__REQUIRED ACTION__.
Where the line containing "this 1512×1134 image." appears in the records below, begin there and output each line verbatim through the last line.

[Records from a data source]
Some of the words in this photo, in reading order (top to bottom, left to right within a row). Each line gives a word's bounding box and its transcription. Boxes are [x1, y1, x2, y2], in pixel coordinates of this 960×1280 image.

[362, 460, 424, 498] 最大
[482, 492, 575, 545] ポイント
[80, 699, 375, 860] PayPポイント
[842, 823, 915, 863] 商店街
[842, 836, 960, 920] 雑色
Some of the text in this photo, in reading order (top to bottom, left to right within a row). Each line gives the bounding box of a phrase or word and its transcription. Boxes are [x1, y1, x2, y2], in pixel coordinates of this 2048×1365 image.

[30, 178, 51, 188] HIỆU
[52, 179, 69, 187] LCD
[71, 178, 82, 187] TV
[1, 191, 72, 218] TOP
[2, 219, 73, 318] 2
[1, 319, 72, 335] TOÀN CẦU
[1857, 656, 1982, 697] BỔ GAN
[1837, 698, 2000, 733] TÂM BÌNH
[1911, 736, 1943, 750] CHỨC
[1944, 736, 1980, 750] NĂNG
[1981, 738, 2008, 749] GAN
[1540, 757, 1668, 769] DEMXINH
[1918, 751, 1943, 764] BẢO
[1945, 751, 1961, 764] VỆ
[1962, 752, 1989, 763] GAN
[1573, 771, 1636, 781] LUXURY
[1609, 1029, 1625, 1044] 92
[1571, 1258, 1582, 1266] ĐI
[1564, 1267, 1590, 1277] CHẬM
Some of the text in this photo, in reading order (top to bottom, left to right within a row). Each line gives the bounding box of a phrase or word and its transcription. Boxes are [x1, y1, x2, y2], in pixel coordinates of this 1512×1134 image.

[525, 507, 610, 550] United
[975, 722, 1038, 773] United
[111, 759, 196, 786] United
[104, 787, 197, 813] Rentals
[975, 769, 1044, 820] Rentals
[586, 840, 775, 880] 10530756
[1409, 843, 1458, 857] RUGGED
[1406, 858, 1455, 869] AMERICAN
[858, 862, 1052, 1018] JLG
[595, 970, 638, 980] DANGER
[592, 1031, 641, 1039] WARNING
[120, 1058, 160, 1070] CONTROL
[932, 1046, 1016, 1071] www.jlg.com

__WRITTEN RESPONSE__.
Some of the text in this photo, in reading order (top to bottom, left to right within a row). Each line gives the bounding box of a phrase or word and its transcription. Boxes are [x1, y1, x2, y2], in pixel coordinates of this 1512×1134 image.

[525, 507, 610, 550] United
[975, 722, 1038, 773] United
[111, 759, 196, 786] United
[104, 787, 197, 813] Rentals
[975, 769, 1044, 820] Rentals
[586, 840, 775, 880] 10530756
[1409, 843, 1458, 857] RUGGED
[1406, 858, 1455, 869] AMERICAN
[858, 862, 1052, 1018] JLG
[595, 970, 638, 980] DANGER
[592, 1031, 641, 1039] WARNING
[120, 1058, 160, 1070] CONTROL
[932, 1046, 1016, 1071] www.jlg.com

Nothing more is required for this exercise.